Recorded data:
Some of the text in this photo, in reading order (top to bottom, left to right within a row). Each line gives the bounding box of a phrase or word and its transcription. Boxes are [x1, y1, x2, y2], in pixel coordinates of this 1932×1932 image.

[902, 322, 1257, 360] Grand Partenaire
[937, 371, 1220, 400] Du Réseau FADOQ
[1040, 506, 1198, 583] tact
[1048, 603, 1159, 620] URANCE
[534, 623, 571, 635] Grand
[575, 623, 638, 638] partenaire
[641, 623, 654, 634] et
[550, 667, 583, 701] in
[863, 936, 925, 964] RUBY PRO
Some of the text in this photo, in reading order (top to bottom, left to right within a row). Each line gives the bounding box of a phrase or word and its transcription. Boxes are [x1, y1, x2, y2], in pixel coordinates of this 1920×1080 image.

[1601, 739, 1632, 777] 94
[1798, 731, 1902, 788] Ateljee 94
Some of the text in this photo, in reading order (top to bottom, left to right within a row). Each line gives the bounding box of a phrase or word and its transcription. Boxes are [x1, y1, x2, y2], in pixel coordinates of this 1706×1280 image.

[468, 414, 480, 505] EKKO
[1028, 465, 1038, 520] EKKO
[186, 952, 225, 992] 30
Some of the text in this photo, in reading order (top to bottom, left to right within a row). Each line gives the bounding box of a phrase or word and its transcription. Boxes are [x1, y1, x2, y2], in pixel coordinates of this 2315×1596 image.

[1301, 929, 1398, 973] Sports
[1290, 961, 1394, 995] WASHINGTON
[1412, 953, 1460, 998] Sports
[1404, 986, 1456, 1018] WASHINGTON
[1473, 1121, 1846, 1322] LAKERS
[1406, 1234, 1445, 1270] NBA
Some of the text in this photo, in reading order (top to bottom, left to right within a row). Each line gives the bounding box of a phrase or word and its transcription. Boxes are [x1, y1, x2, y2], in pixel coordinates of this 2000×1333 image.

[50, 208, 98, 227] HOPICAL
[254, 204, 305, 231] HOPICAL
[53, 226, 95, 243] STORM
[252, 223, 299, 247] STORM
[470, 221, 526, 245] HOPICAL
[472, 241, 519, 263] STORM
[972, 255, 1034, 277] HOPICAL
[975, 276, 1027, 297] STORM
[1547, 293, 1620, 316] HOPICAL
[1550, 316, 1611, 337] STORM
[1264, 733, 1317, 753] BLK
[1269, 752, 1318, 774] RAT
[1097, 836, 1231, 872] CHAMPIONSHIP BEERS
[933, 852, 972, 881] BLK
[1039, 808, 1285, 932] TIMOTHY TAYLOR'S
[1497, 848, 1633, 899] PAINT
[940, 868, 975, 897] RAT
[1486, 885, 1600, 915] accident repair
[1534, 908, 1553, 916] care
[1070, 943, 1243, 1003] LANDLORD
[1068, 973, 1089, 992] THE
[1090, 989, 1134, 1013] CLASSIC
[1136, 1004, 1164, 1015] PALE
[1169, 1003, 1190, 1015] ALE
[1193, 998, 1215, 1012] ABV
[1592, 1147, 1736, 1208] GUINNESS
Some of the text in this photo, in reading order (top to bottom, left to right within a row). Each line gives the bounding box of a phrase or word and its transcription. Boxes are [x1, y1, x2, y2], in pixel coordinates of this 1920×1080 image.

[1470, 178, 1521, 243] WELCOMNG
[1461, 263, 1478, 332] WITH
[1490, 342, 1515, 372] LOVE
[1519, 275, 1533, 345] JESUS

WHAT YOU HAVE TO DO: Retype, exactly as written, each line from the one that has "this 2000×1333 image." to the bottom of the entries above, and include both of those lines.

TASK RESPONSE:
Some of the text in this photo, in reading order (top to bottom, left to right within a row). Each line gives the bounding box of a phrase or word and its transcription. Boxes are [x1, y1, x2, y2], in pixel coordinates of this 2000×1333 image.

[50, 208, 98, 227] HOPICAL
[254, 204, 305, 231] HOPICAL
[53, 226, 95, 243] STORM
[252, 223, 299, 247] STORM
[470, 221, 526, 245] HOPICAL
[472, 241, 519, 263] STORM
[972, 255, 1034, 277] HOPICAL
[975, 276, 1027, 297] STORM
[1547, 293, 1620, 316] HOPICAL
[1550, 316, 1611, 337] STORM
[1264, 733, 1317, 753] BLK
[1269, 752, 1318, 774] RAT
[1097, 836, 1231, 872] CHAMPIONSHIP BEERS
[933, 852, 972, 881] BLK
[1039, 808, 1285, 932] TIMOTHY TAYLOR'S
[1497, 848, 1633, 899] PAINT
[940, 868, 975, 897] RAT
[1486, 885, 1600, 915] accident repair
[1534, 908, 1553, 916] care
[1070, 943, 1243, 1003] LANDLORD
[1068, 973, 1089, 992] THE
[1090, 989, 1134, 1013] CLASSIC
[1136, 1004, 1164, 1015] PALE
[1169, 1003, 1190, 1015] ALE
[1193, 998, 1215, 1012] ABV
[1592, 1147, 1736, 1208] GUINNESS
Some of the text in this photo, in reading order (top to bottom, left to right within a row). Each line gives the bounding box of a phrase or word and its transcription. Boxes are [x1, y1, x2, y2], in pixel coordinates of this 1920×1080 image.

[1470, 178, 1521, 243] WELCOMNG
[1461, 263, 1478, 332] WITH
[1490, 342, 1515, 372] LOVE
[1519, 275, 1533, 345] JESUS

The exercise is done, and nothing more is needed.